Your Vitamin D Dilemma, Solved: Don’t Get it From the Sun

Your Vitamin D Dilemma, Solved: Don’t Get it From the Sun


This Story's Health Experts


You need Vitamin D. Your body uses the sun’s UVB rays to make it.

You also need sunscreen. Sunscreen blocks UVB rays.

Confused? Don’t be.

There are a lot of conflicting – and plain old wrong – messages out there about how to get enough vitamin D, particularly when it comes to sunshine. We spoke with Dean David George, MD, FAAD, medical director of cutaneous oncology at the Hartford Healthcare Cancer Institute, who strongly recommends the following:

Don’t get your vitamin D from the sun.

Yes, sunshine is one way to get vitamin D. But it means baring your skin to the sun’s rays, without sunscreen, for 15 minutes or more. That short amount of time might sound harmless, but it’s not.

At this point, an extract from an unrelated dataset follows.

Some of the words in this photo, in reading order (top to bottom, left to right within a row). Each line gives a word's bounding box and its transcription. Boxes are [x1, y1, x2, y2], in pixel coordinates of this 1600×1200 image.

Unprotected exposure to UV rays, even for short periods of time, is a known risk factor for deadly skin cancers, including melanoma,” says Dr. George. “It’s not worth the risk. If you need vitamin D, get it from food or a supplement, not the sun.”

Don’t even get dermatologists started on indoor tanning. Run, don’t walk, away from tanning beds.

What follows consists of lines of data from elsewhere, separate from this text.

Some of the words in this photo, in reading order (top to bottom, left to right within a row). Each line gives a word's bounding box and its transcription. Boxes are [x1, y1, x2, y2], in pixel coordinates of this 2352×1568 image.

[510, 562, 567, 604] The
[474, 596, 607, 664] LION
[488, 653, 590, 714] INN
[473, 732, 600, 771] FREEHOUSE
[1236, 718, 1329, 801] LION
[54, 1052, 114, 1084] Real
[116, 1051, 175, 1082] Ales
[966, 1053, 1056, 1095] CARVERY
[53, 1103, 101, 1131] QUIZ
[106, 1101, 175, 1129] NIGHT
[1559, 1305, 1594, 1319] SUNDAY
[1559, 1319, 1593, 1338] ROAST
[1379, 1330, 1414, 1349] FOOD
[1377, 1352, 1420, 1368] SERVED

The American Academy of Dermatology agrees: Get your vitamin D another way.

There are plenty of other sources.

It’s important not to neglect vitamin D altogether. Along with calcium, it plays a crucial role in bone health, and recent studies show it may also play a role in regulating emotions and preventing depression.

But the majority of people can get their vitamin D from nutritional supplements and certain foods. In fact, the National Academy of Medicine (NAM) created its recommended daily values without taking sunshine into account, because sun exposure is such an inconsistent source – not to mention risky.

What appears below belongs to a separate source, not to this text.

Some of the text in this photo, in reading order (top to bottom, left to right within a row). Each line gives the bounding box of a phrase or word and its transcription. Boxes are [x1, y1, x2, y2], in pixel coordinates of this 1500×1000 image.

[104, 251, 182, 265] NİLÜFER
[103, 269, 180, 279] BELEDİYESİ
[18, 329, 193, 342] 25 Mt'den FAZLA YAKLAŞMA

NAM recommends that adults up to age 70 get 600 International Units (IUs) of vitamin D per day, and adults age 71 and older get 800 IUs per day. Ideally, most of that will come from foods naturally rich in the vitamin. Think: fatty fish including salmon and tuna, and fortified foods like milk and orange juice.

Your vitamin D regimen can also include supplements in pill or liquid form, like a simple multivitamin. Talk to your doctor about what’s right for you.

Meanwhile, double-check your sun protection.

Now you know: Because of the risks of UV rays, sunshine is not a safe way to vitamin D.

So, how to stay protected? Here’s a refresher.

Plan ahead when you’ll be outdoors,” says Dr. George. Seek shade whenever possible, and when you can’t avoid the sun, layer up with broad spectrum SPF 30 or higher sunscreen and protective clothing. Keep in mind that the sun’s UV rays are strongest between the hours of 10 a.m. and 4 p.m.

When you’re choosing sunscreen, go with a water-resistant brand, and apply it to any skin that’s not covered by clothing. Reapply every two hours or immediately after swimming, sweating or toweling off.

“Using sun protection whenever you’re in the sun will not only help prevent skin cancer but premature skin aging as well.” says Dr. George.